*** Opening of Provided data ***

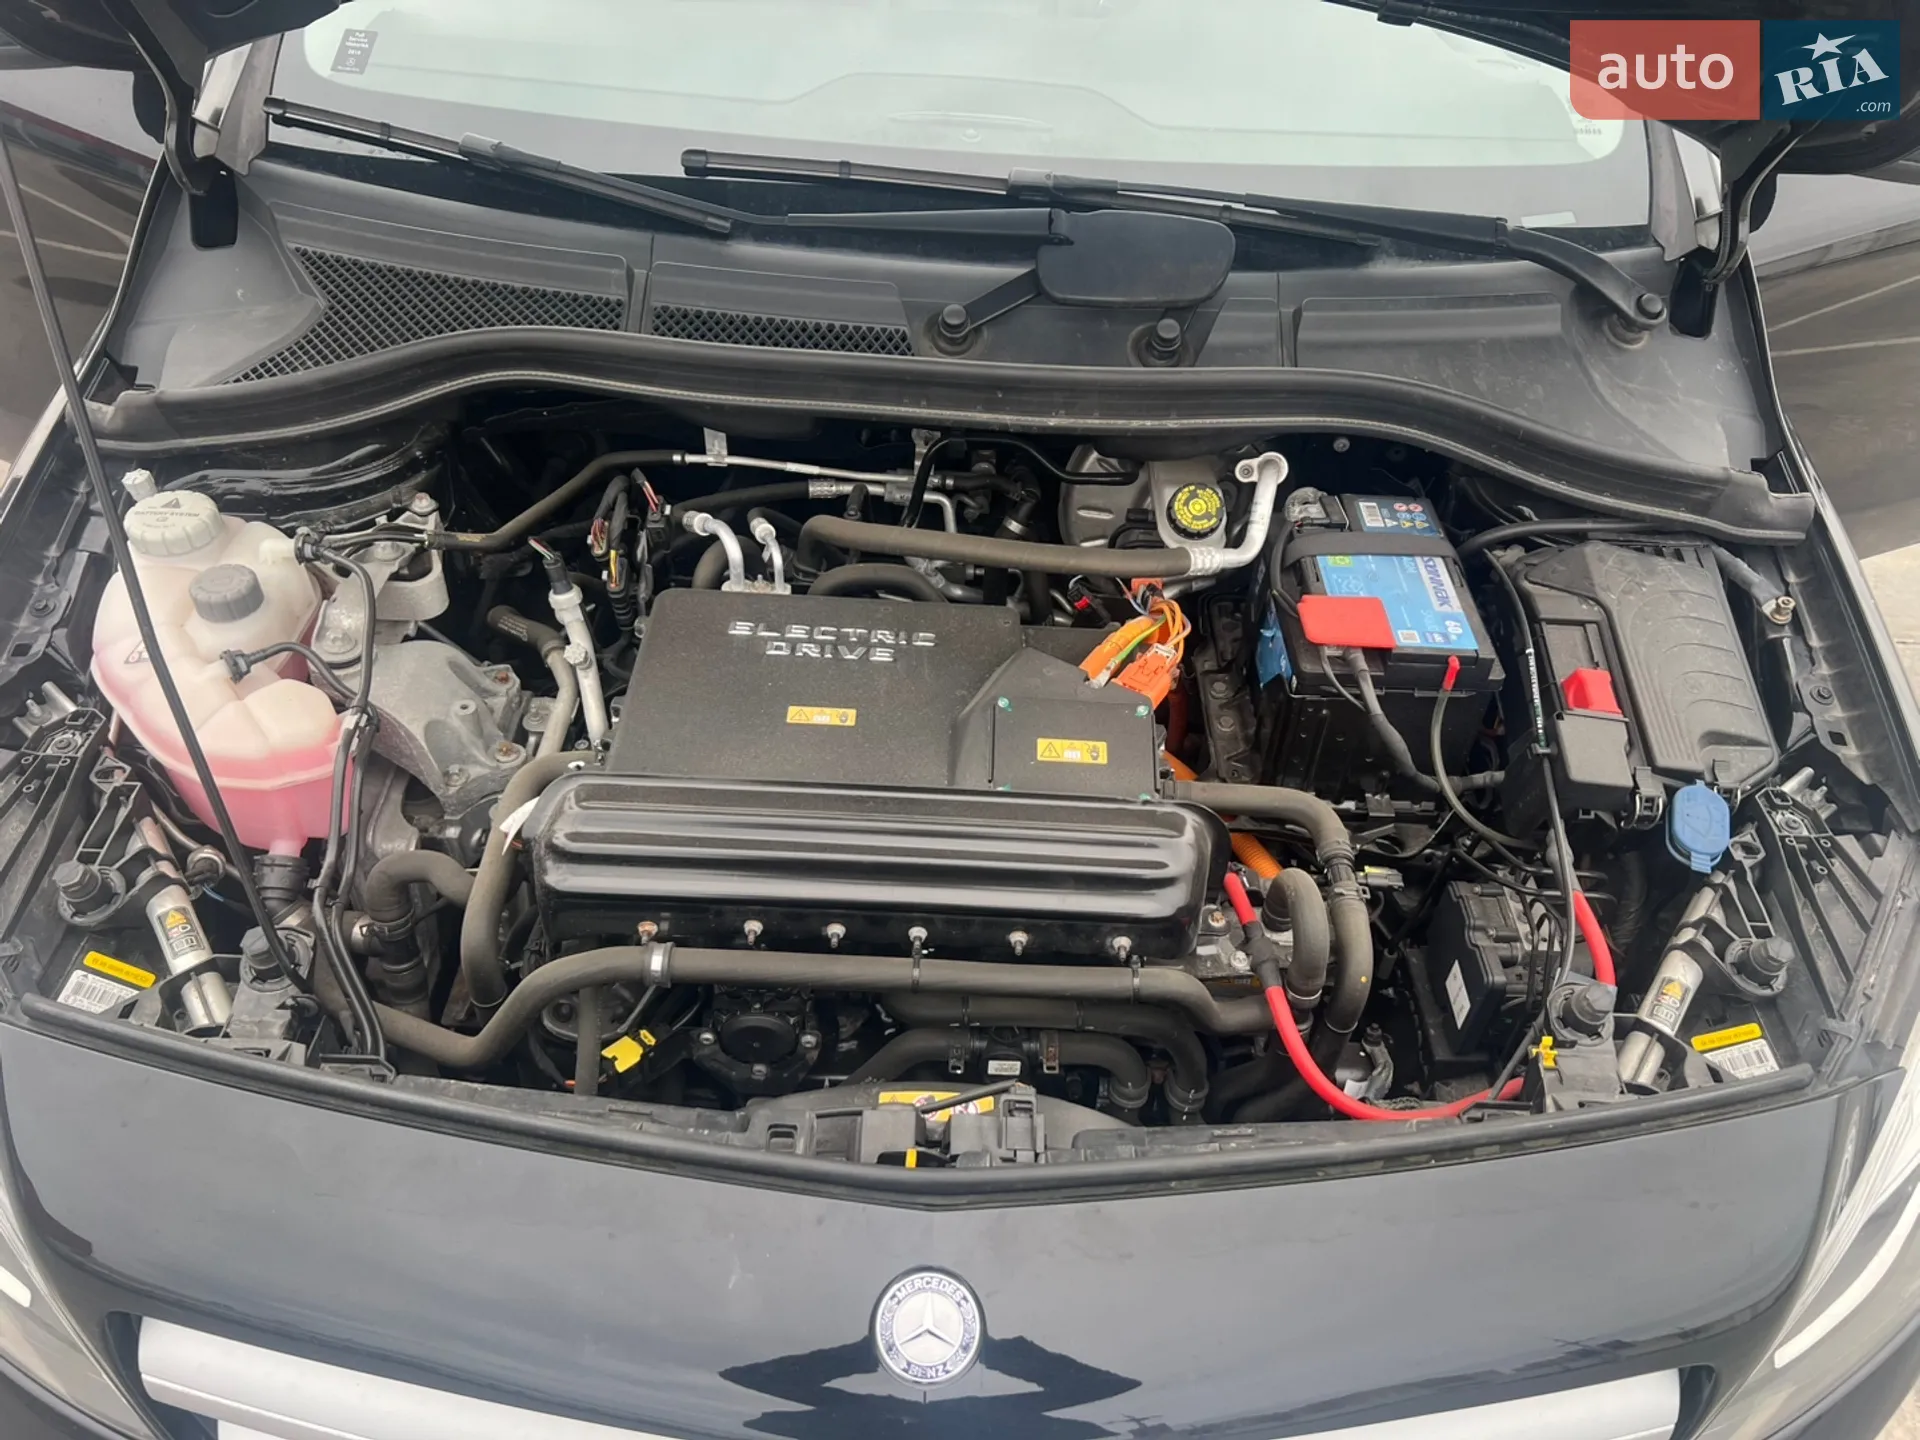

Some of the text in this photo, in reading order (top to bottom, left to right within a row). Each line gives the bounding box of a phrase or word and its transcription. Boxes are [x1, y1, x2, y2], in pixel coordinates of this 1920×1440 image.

[728, 621, 936, 647] ELECTRIC
[765, 641, 895, 662] DRIVE
[895, 1277, 963, 1300] MERCEDES
[908, 1363, 947, 1378] BENZ

*** Close of Provided data ***

__Try it__. An exact copy of the entries above is required, with the pictures left out.

__The completed task__.
Some of the text in this photo, in reading order (top to bottom, left to right within a row). Each line gives the bounding box of a phrase or word and its transcription. Boxes are [x1, y1, x2, y2], in pixel coordinates of this 1920×1440 image.

[728, 621, 936, 647] ELECTRIC
[765, 641, 895, 662] DRIVE
[895, 1277, 963, 1300] MERCEDES
[908, 1363, 947, 1378] BENZ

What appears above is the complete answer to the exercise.